◆ Your objective
Return the records word for word. Any pictures in them are not part of the copy.

◆ Data records
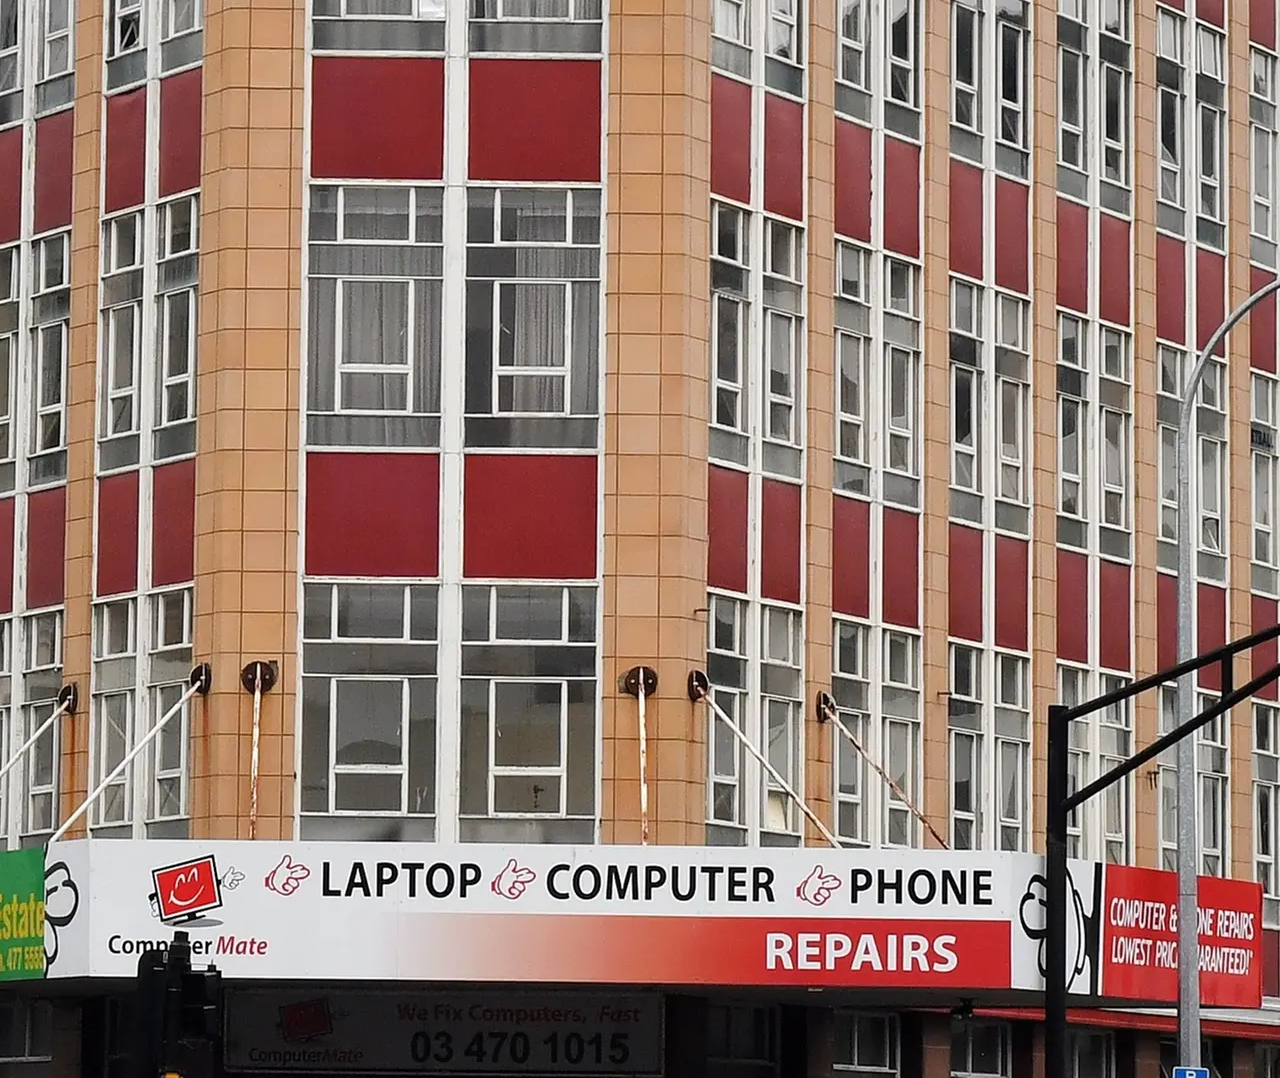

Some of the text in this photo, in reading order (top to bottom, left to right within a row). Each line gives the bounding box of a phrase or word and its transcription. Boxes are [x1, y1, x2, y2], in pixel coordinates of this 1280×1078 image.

[321, 861, 993, 905] LAPTOP COMPUTER PHONE
[1110, 897, 1167, 931] COMPUTER
[1169, 903, 1178, 933] &
[1217, 908, 1255, 941] REPAIRS
[765, 932, 959, 973] REPAIRS
[1111, 935, 1153, 966] LOWEST
[1154, 940, 1179, 970] PRIC
[397, 1003, 642, 1025] We Fix Computers, Fast
[410, 1031, 630, 1064] 03 470 1015

◆ Result
Some of the text in this photo, in reading order (top to bottom, left to right within a row). Each line gives the bounding box of a phrase or word and its transcription. Boxes are [x1, y1, x2, y2], in pixel coordinates of this 1280×1078 image.

[321, 861, 993, 905] LAPTOP COMPUTER PHONE
[1110, 897, 1167, 931] COMPUTER
[1169, 903, 1178, 933] &
[1217, 908, 1255, 941] REPAIRS
[765, 932, 959, 973] REPAIRS
[1111, 935, 1153, 966] LOWEST
[1154, 940, 1179, 970] PRIC
[397, 1003, 642, 1025] We Fix Computers, Fast
[410, 1031, 630, 1064] 03 470 1015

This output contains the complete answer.